How long will it be before it radically affects our lives? We do need an answer to this, but experts are divided, some saying very soon and others saying up to ten years. However, each of us needs to prepare ourselves, our families, and our income sources, and so our own answer to this question is important.
A third question is the one we can borrow from the Luddites – who decides how it is deployed and over what period? As things stand at the moment, it is the AI company executives and the government officials who decide this. However, we all need to have something to say about this because we are the ones who will pay the price if AI brings anything other than utopia.
Lesson Two: The dispossession of human agency is a theological problem
Christian theological tradition insists that we are all made in the image of God and bearers of rationality, creativity, moral agency, and relational dignity (Genesis 1:26). Work, properly understood, is a participation in God’s ongoing ordering of creation. Beyond providing for us physically, it gives us dignity, purpose, and a sense of identity as responsible sons and daughters of the Almighty. If AI strips meaningful work from human beings, it is not just an economic problem; it is an assault on human dignity.
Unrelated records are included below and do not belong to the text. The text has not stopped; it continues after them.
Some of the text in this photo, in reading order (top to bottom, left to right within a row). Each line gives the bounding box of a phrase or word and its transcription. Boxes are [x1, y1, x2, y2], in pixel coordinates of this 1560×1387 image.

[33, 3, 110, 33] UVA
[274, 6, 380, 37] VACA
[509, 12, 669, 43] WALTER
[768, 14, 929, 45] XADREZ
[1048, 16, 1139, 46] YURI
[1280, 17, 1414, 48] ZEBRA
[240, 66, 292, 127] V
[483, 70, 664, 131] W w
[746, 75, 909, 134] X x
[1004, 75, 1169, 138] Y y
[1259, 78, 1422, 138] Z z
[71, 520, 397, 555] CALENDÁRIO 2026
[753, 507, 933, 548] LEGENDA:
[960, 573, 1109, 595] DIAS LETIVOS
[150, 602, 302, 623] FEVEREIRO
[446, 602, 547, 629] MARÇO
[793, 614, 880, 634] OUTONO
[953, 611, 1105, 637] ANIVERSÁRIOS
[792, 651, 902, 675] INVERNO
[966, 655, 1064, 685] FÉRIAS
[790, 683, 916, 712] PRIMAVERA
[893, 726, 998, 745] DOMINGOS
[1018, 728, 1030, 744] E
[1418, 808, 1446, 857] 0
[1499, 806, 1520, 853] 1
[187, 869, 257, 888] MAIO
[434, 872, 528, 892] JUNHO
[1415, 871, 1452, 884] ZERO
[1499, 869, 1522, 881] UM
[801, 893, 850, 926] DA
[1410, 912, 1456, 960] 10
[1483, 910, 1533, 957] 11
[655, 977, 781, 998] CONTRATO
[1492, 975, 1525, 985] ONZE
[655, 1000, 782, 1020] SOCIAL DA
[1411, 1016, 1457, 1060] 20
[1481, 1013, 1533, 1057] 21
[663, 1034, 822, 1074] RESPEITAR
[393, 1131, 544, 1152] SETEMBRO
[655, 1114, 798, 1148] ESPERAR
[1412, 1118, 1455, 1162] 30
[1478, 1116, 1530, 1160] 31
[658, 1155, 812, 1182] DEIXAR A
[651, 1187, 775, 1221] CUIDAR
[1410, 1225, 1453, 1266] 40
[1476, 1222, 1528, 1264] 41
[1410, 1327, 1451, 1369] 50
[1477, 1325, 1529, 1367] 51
Lesson Three: Productivity gains do not automatically distribute themselves evenly
The Industrial Revolution ultimately raised living standards, but only after a century of struggle and hardships for many people. A major reason for this is that at first, the benefits all accrued to the business owners and governments. In the Luddites case, it was the mill owners and the British Crown. Currently, AI wealth is almost all going to a remarkably small group of AI executives, shareholders, and the governments that rake in the taxes payable by these elites. The amount of wealth accruing to these few is staggering! We cannot assume that this situation will self-correct, so we should be taking steps to earn income and accrue our own wealth by using AI for as long and as best we can. For instance, an administrator or office manager who uses AI proficiently will be more in demand than less AI-literate people.
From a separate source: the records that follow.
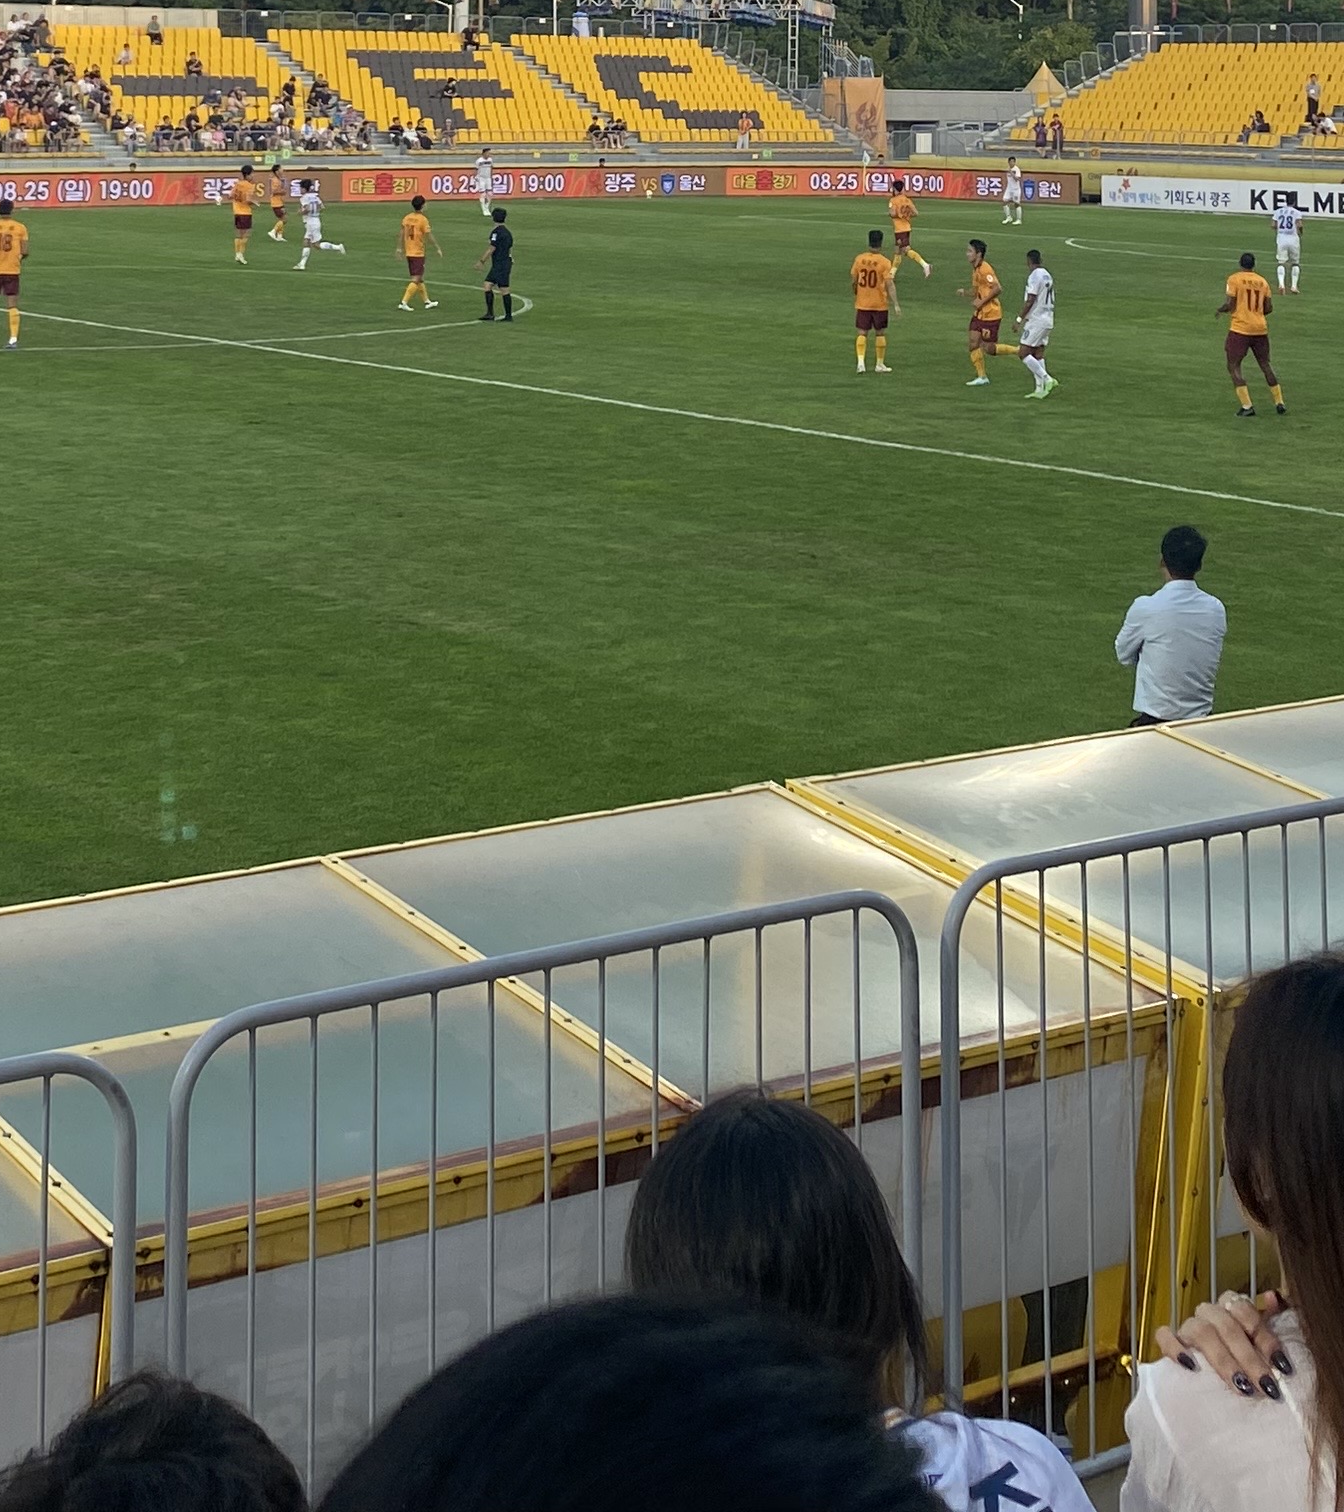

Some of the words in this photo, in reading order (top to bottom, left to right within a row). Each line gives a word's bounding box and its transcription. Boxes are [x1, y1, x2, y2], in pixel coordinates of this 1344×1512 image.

[57, 178, 92, 202] (일)
[99, 178, 154, 200] 19:00
[520, 172, 565, 193] 19:00
[605, 173, 637, 192] 광주
[641, 177, 657, 192] VS
[679, 174, 706, 192] 울산
[809, 172, 858, 191] 08.25
[903, 173, 944, 193] 19:00
[976, 176, 1002, 196] 광주
[1038, 180, 1062, 198] 울산
[1164, 189, 1206, 207] 기회도시
[1209, 191, 1231, 208] 광주
[1278, 215, 1294, 230] 28
[858, 268, 877, 288] 30
[1246, 289, 1260, 313] 11
Lesson Four: Speed of deployment is a moral issue
The Luddites understood that the pace at which technological change is imposed is a moral and not just a mathematical problem.
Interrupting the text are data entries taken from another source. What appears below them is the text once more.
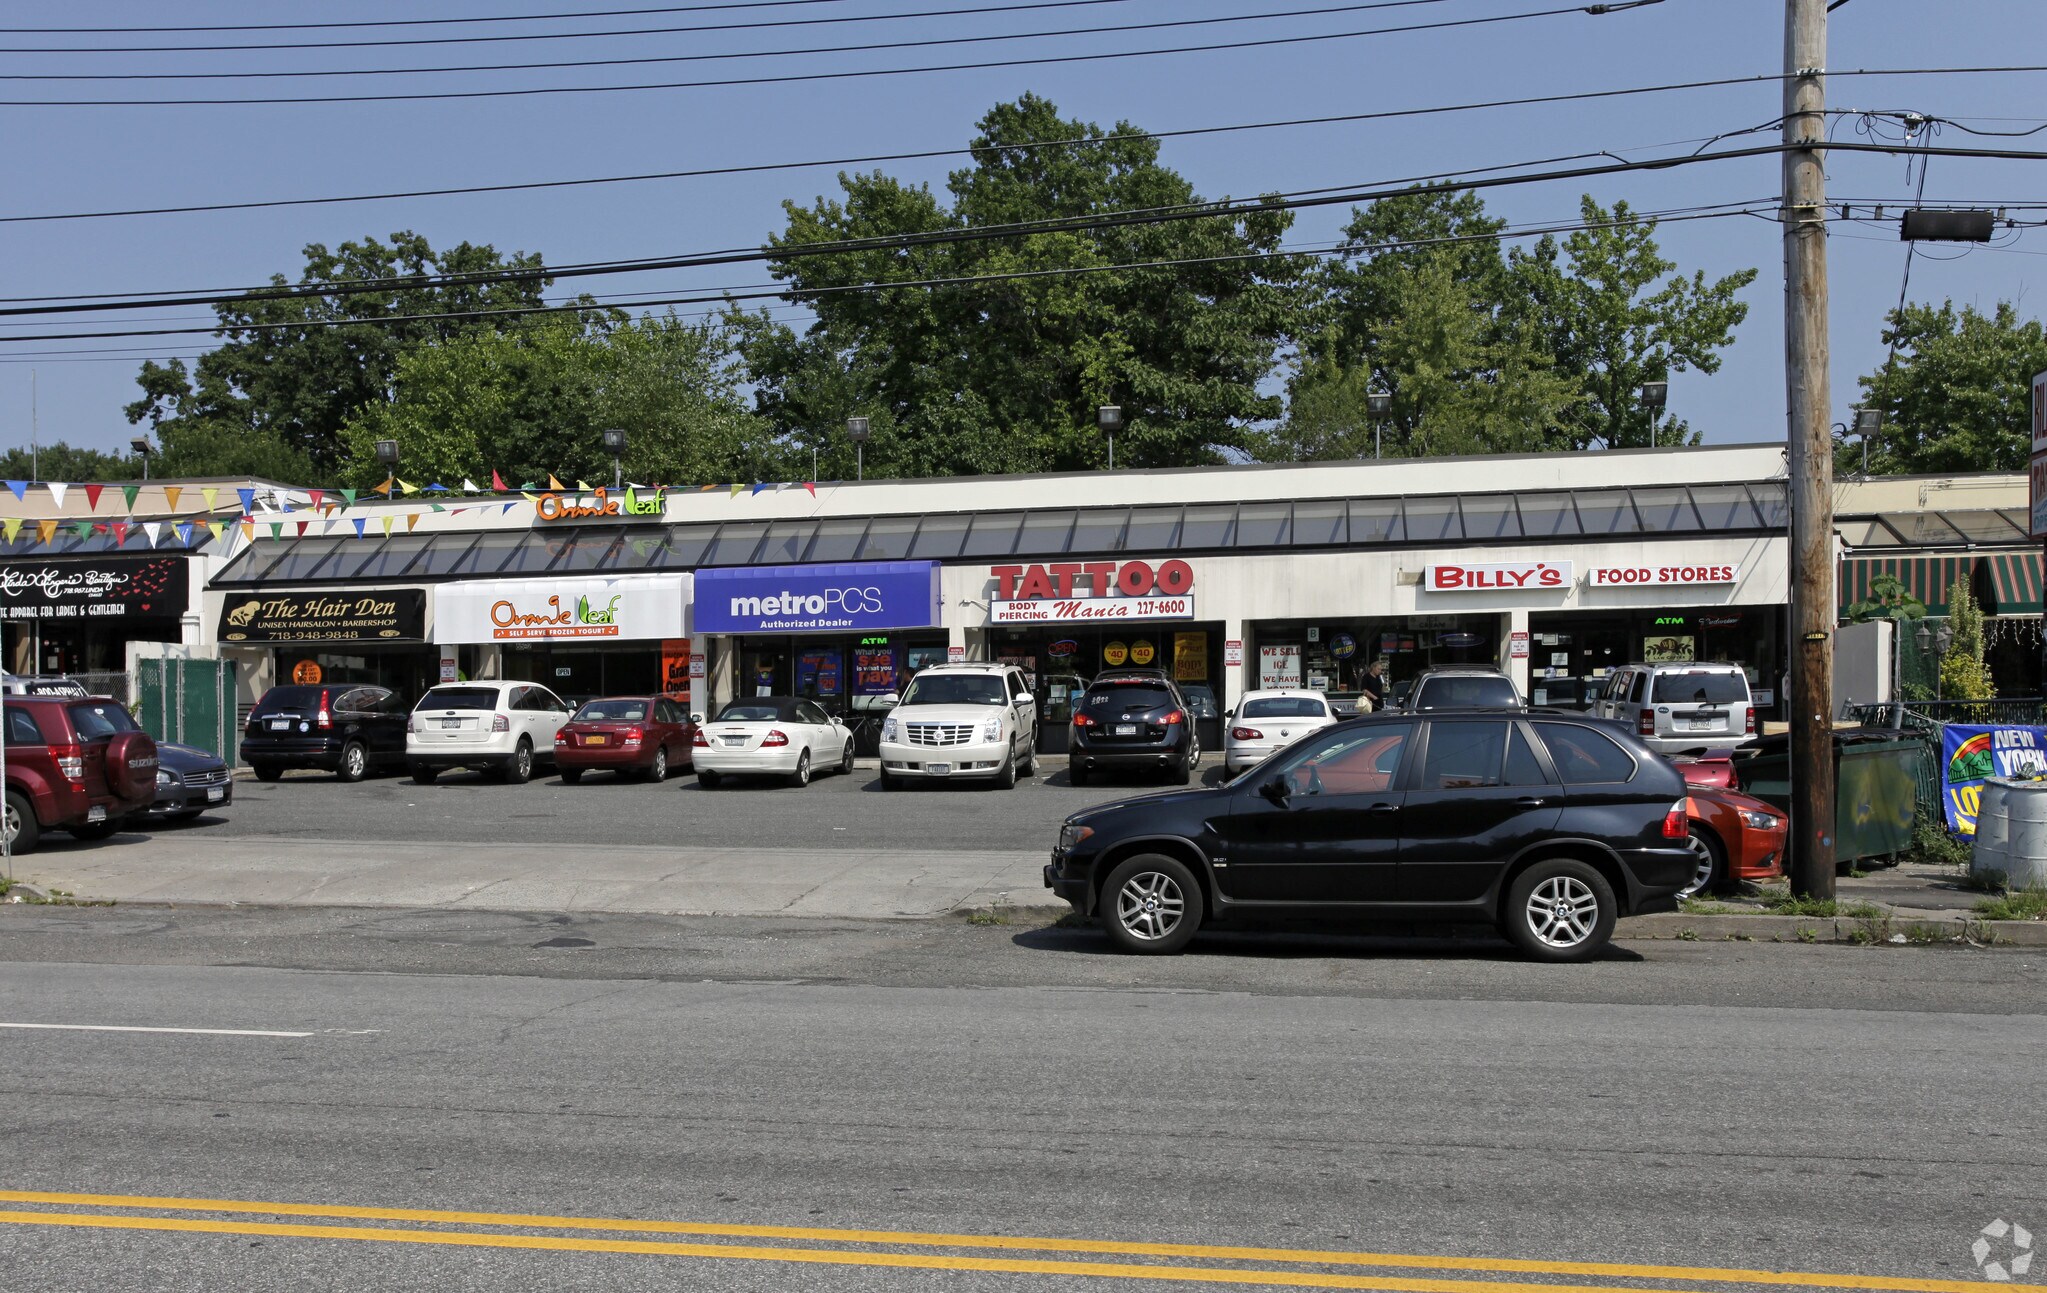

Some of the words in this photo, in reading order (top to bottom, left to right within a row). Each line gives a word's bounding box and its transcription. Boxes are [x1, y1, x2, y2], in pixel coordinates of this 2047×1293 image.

[536, 487, 620, 520] Orange
[991, 560, 1194, 600] TATTOO
[1434, 564, 1562, 588] BILLY'S
[1597, 568, 1652, 584] FOOD
[1658, 566, 1733, 582] STORES
[10, 606, 38, 618] APPAREL
[40, 606, 54, 617] FOR
[56, 605, 77, 616] LADIES
[80, 605, 86, 616] &
[88, 604, 125, 616] GENTLEMEN
[262, 598, 298, 618] The
[301, 598, 352, 618] Hair
[354, 598, 396, 616] Den
[490, 595, 571, 627] Orange
[1008, 602, 1038, 611] BODY
[1053, 600, 1129, 619] Mania
[1137, 600, 1185, 615] 227-6600
[999, 611, 1048, 620] PIERCING
[258, 620, 287, 629] UNISEX
[289, 620, 337, 628] HAIRSALON
[342, 619, 397, 627] BARBERSHOP
[760, 619, 816, 628] Authorized
[818, 618, 853, 627] Dealer
[268, 631, 358, 640] 718-948-9848
[1310, 629, 1317, 638] B
[1048, 642, 1077, 655] OPEN
[1262, 648, 1276, 656] WE
[1280, 647, 1300, 656] SELL
[858, 655, 891, 666] see
[1273, 661, 1288, 669] ICE
[1994, 730, 2035, 748] NEW
People and communities need time to adapt, retrain, redeploy, and reorganise.
AI is coming at us at an exponential rate. There are options available - such as limiting its capabilities or slowing its rate of deployment - but we, ordinary people, have almost no say in this.
A very small number of very knowledgeable AI insiders are warning the world right now and proposing alternatives to the AI industry and governments. Men like Dario Amodei (The CEO of Anthropic), Tristan Harris (ex Google), Roman Yampolskiy (AN influential AI safety researcher) and to a lesser extent Kai-Fu Lee (ex Google China). They can all be found on YouTube and have also written extensively over the last few years. We need to listen to them. All of us need to pay heed and speak supportively for AI safety and common-sense control where we can.
So, what do we do about all this? Three things:
Find out as much as you can about AI and become fully informed about the risks and the timelines.
Speak about it within your circle of influence so that others become aware.
Learn to use AI to do your job better and to earn income and influence.
For my part, my son and I, using AI have written a book aimed at Church Pastors and Leaders, setting out what we have discovered, along with some suggestions on how this information can be used. It is called The Acts 8 Moment, and you can get a copy from https://shorturl.at/5pZmr
Conclusion
By now, you will realise why I titled this article ‘Resurrected Luddites Needed Now’. The Luddites provide us with historic principles, but we do not attempt to reproduce their approaches in our age. Just as the resurrected body will be recognisable but different from the body of flesh, so we should rise up in 2026 as recognisable but different Luddites – clear-eyed about technology, but committed to human dignity, justice, and Jesus-centred hope.